Would you reproduce exactly, and only, the lines starting at the one with "Some of the words" and ending at the last line of the data, with both included? Leave the pictures out.

** Opening Supplied material block **

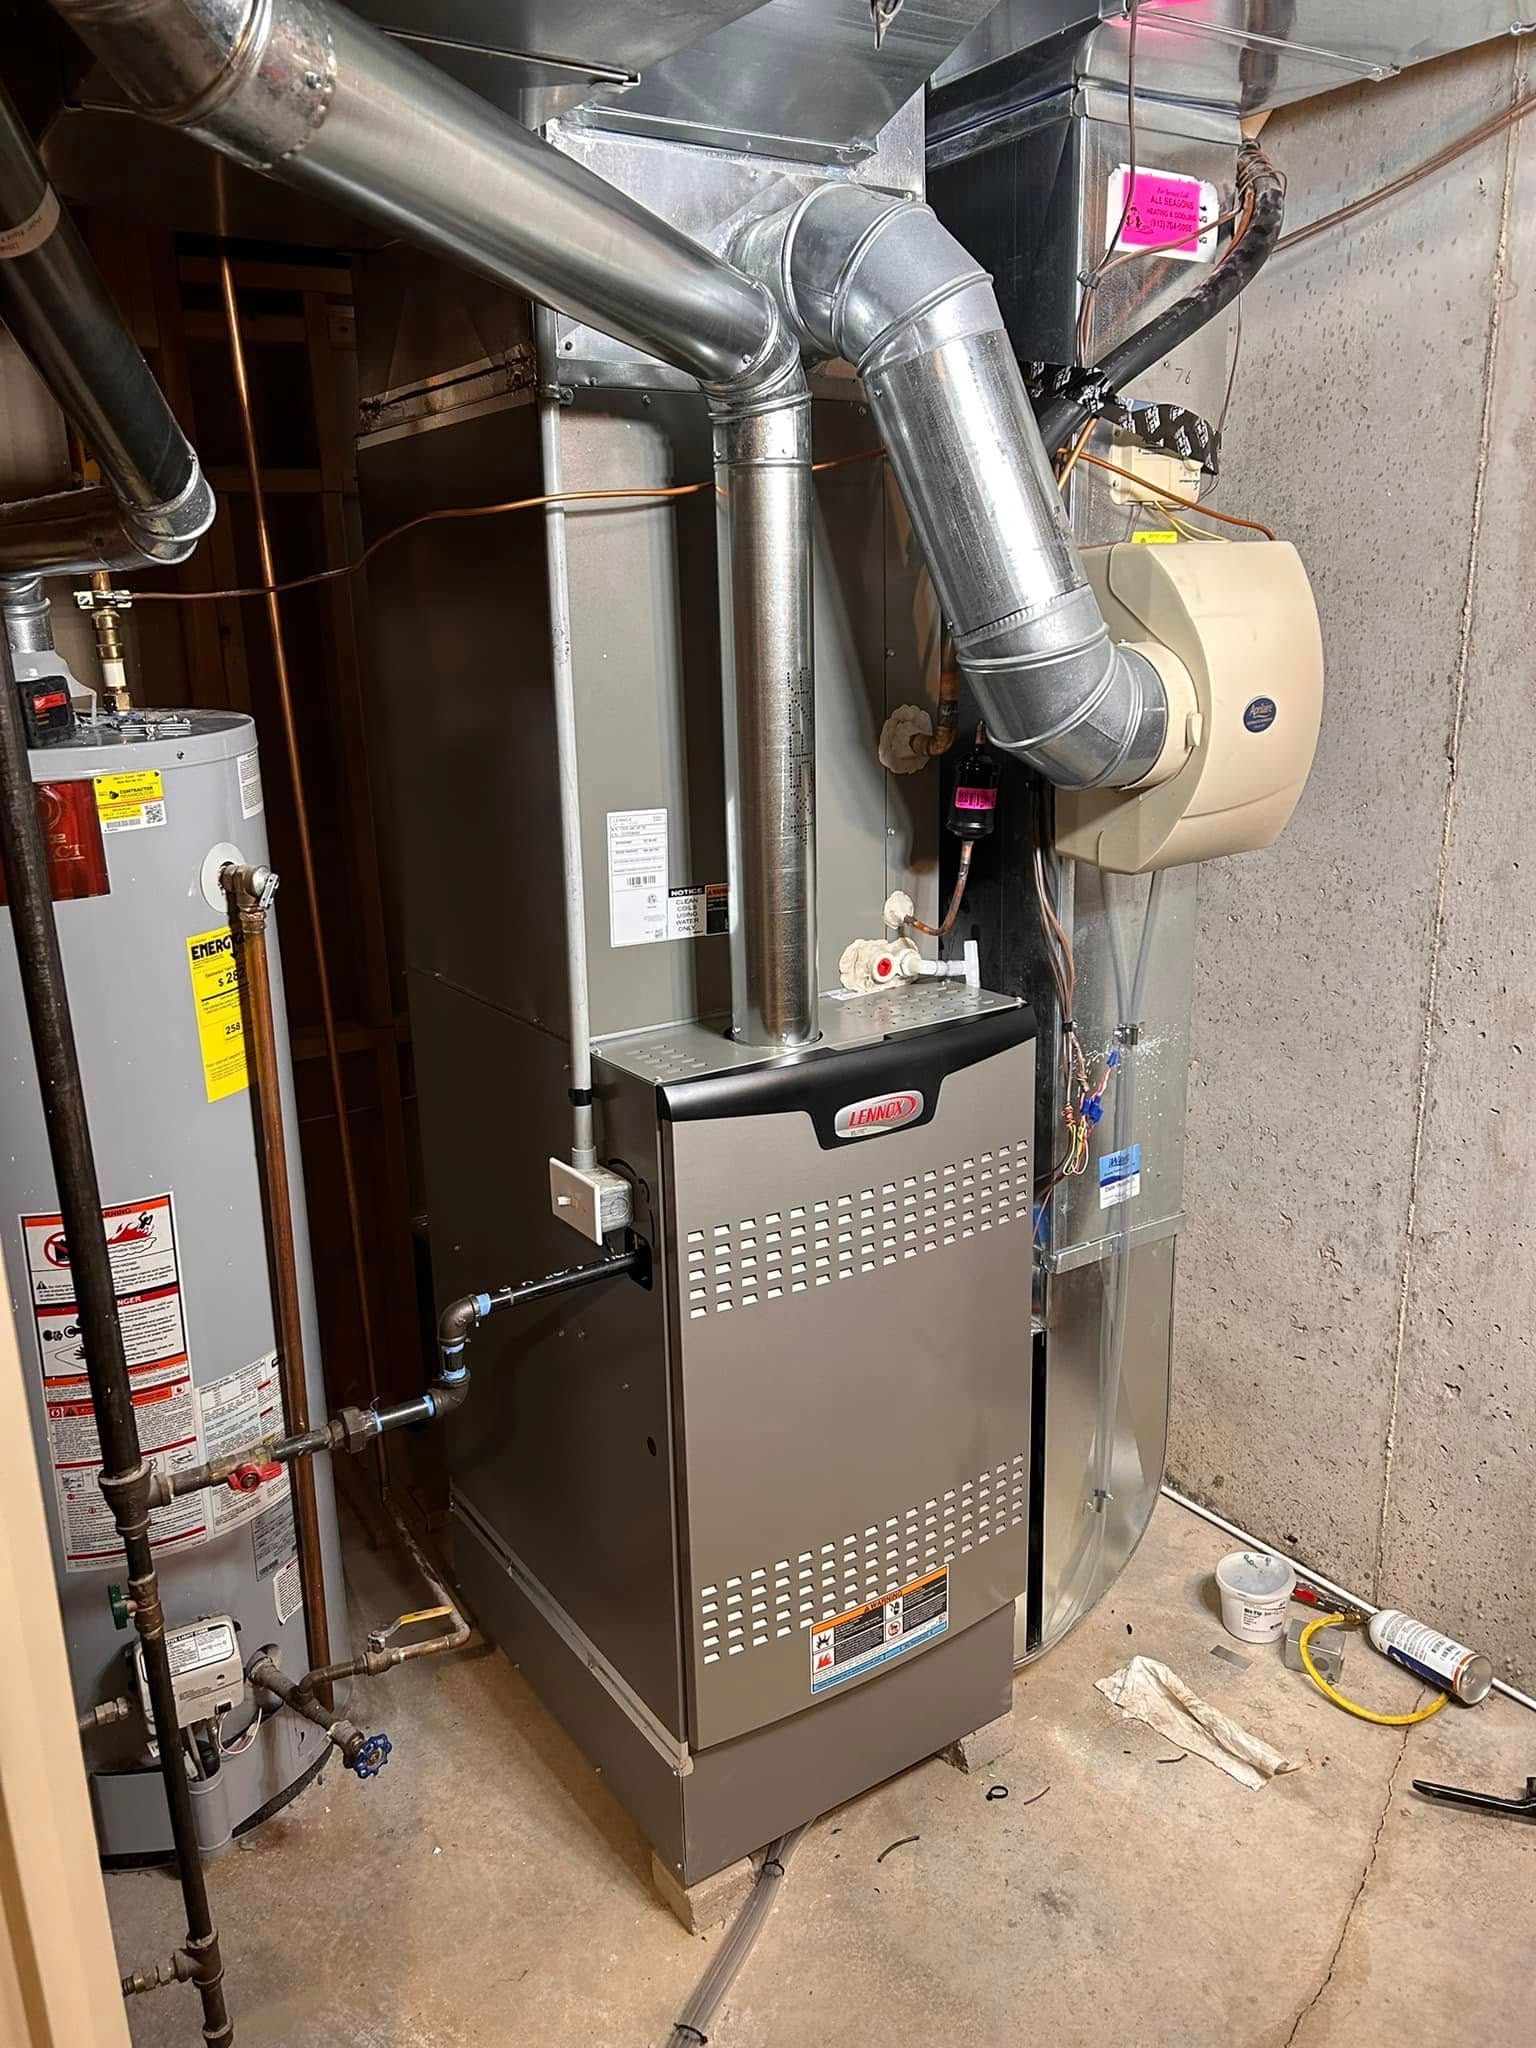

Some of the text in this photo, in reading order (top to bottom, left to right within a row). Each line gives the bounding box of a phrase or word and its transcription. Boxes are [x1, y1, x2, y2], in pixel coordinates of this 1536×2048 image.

[1151, 195, 1194, 209] ALL SEASONS
[1175, 367, 1191, 385] 76
[671, 887, 703, 897] NOTICE
[676, 897, 698, 905] CLEAN
[676, 904, 698, 912] COILS
[676, 911, 698, 919] USING
[676, 918, 699, 926] WATER
[848, 1100, 906, 1128] LENNOX
[117, 1296, 142, 1306] NGER
[870, 1590, 903, 1610] WARNING
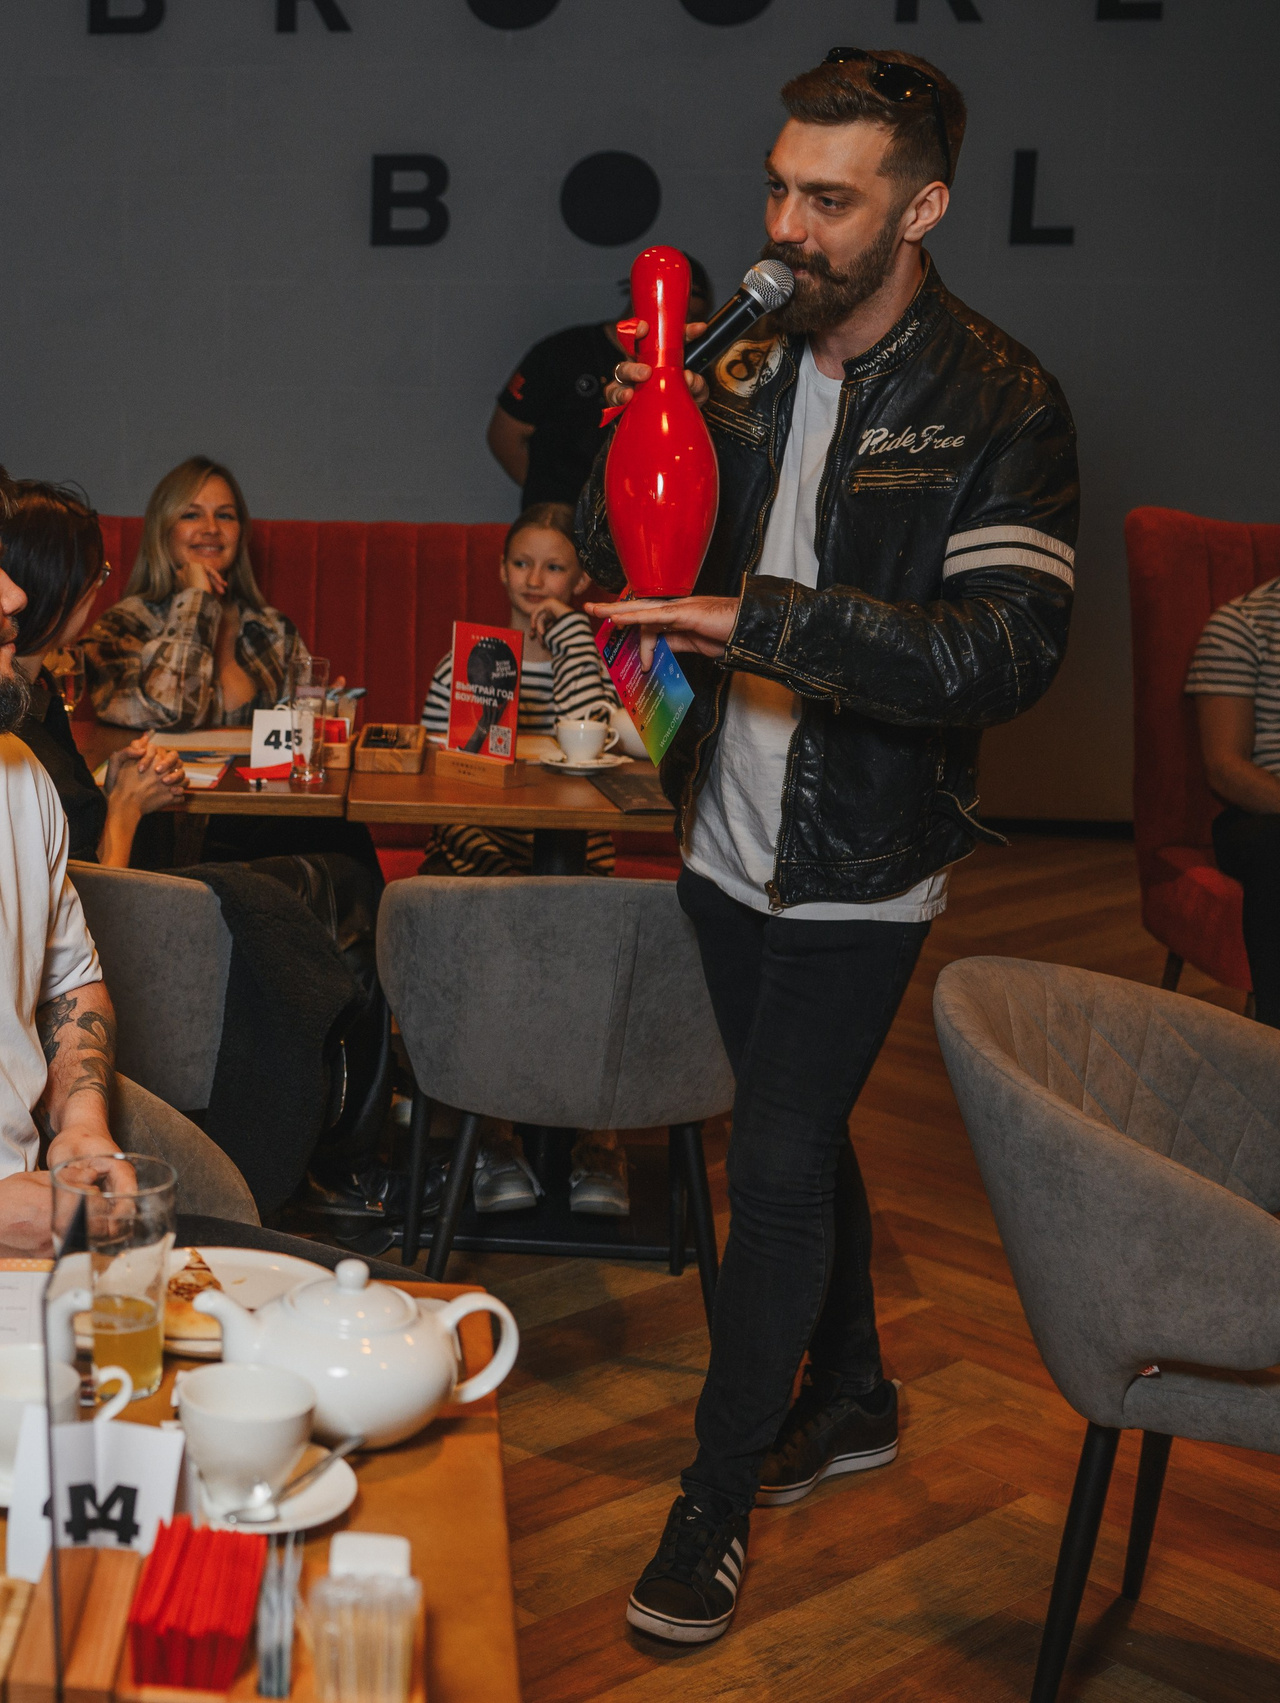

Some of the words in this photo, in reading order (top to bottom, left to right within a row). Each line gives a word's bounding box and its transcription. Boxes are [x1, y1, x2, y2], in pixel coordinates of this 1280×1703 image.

[369, 149, 1075, 248] BOL
[858, 426, 916, 455] Ride
[909, 425, 965, 454] Free
[454, 691, 499, 708] БОУЛИНГА
[455, 680, 496, 697] ВЫИГРАЙ
[496, 688, 515, 702] ГОД
[263, 728, 303, 751] 45
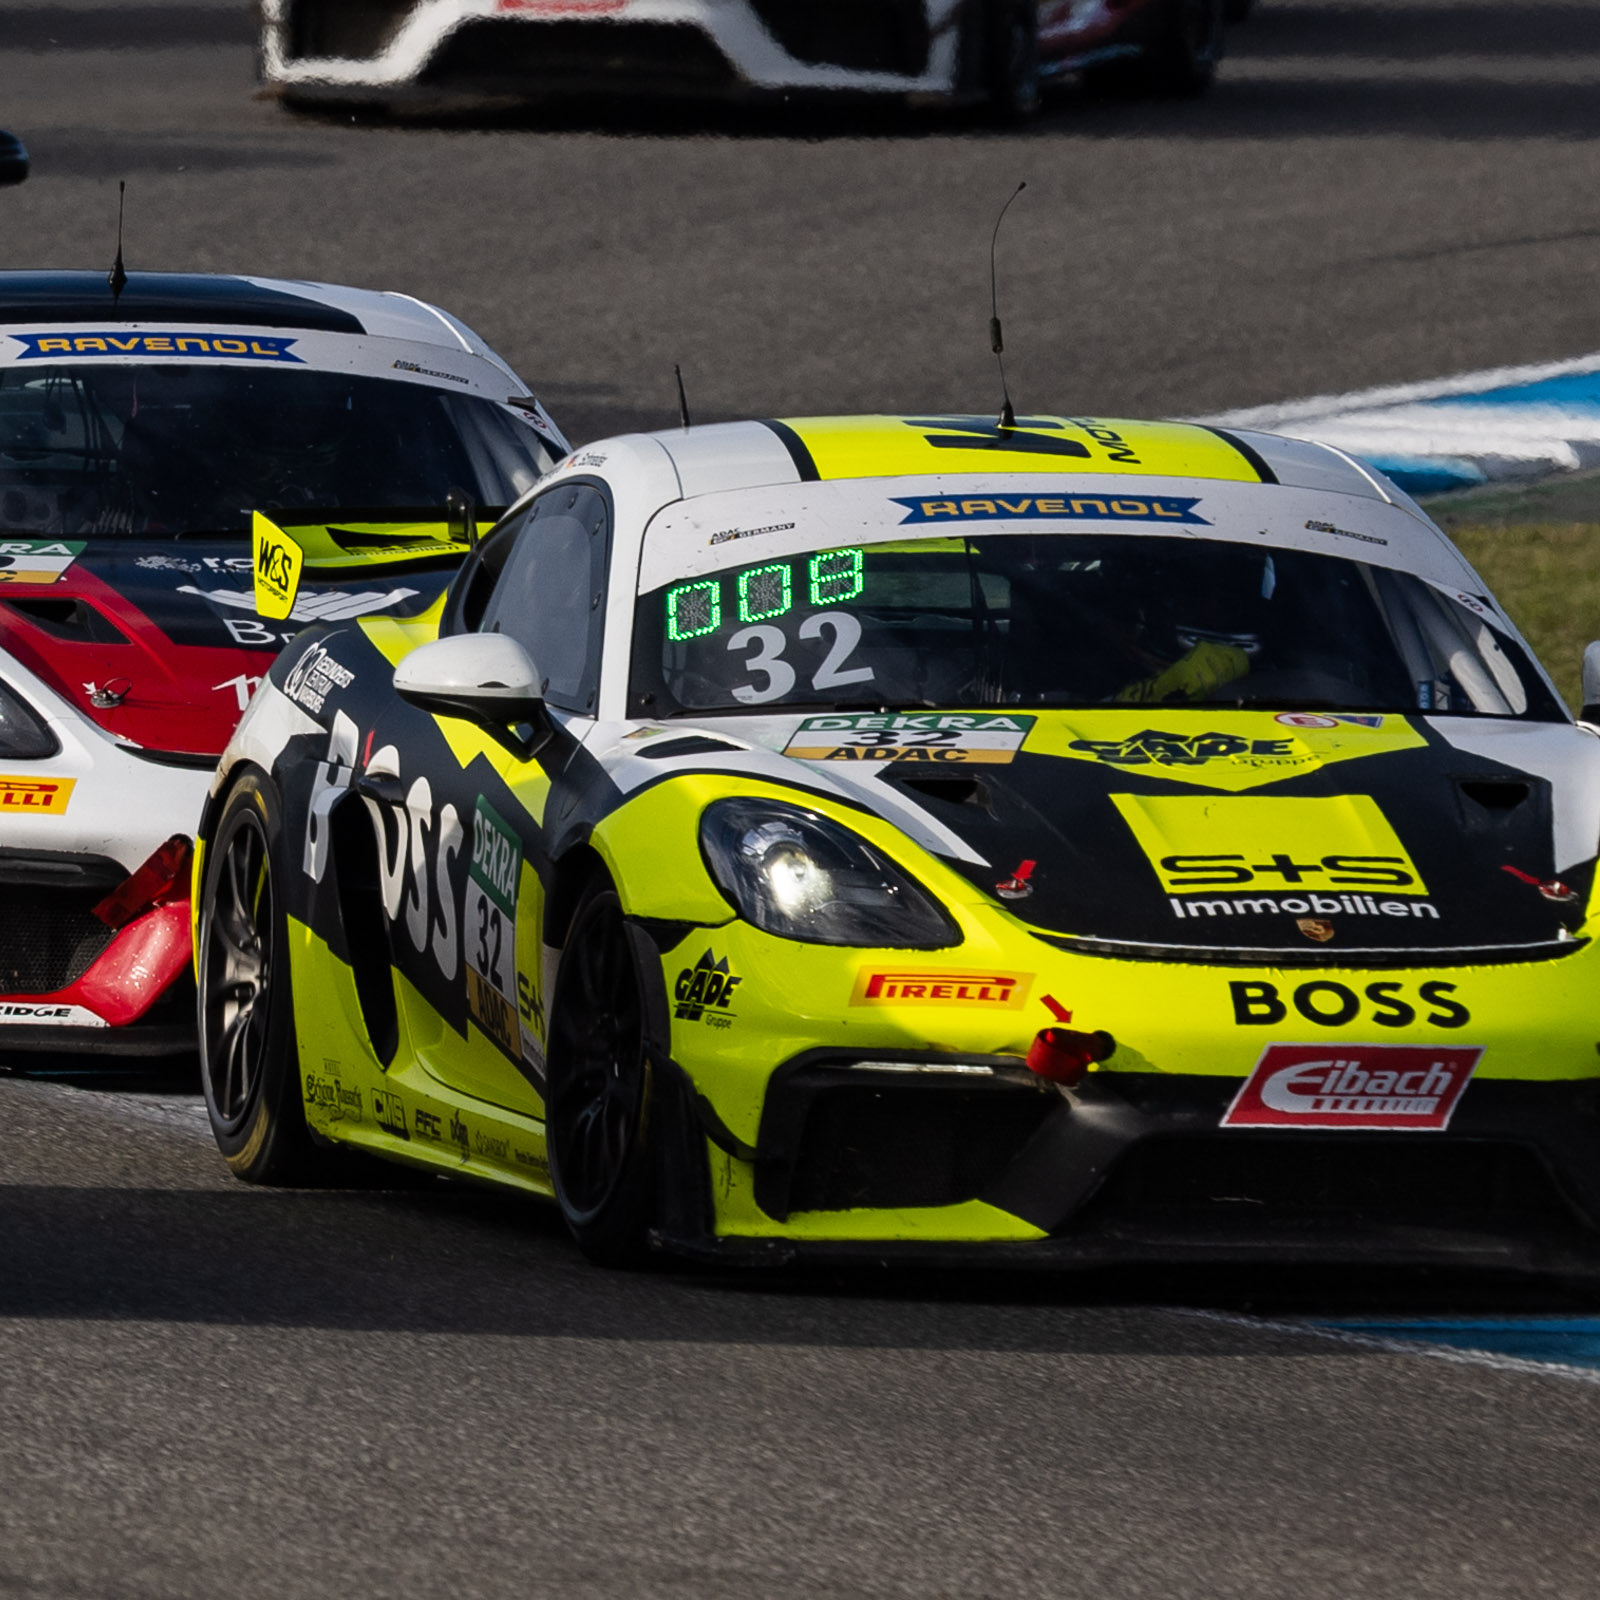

** Closing Supplied material block **

* _Output for this task_
Some of the words in this photo, in reading order (top to bottom, left to right within a row). Each line gives a word's bounding box and its transcription. Boxes are [x1, y1, x2, y2], in pixel coordinates of this 1280×1703 image.

[369, 149, 1075, 248] BOL
[858, 426, 916, 455] Ride
[909, 425, 965, 454] Free
[454, 691, 499, 708] БОУЛИНГА
[455, 680, 496, 697] ВЫИГРАЙ
[496, 688, 515, 702] ГОД
[263, 728, 303, 751] 45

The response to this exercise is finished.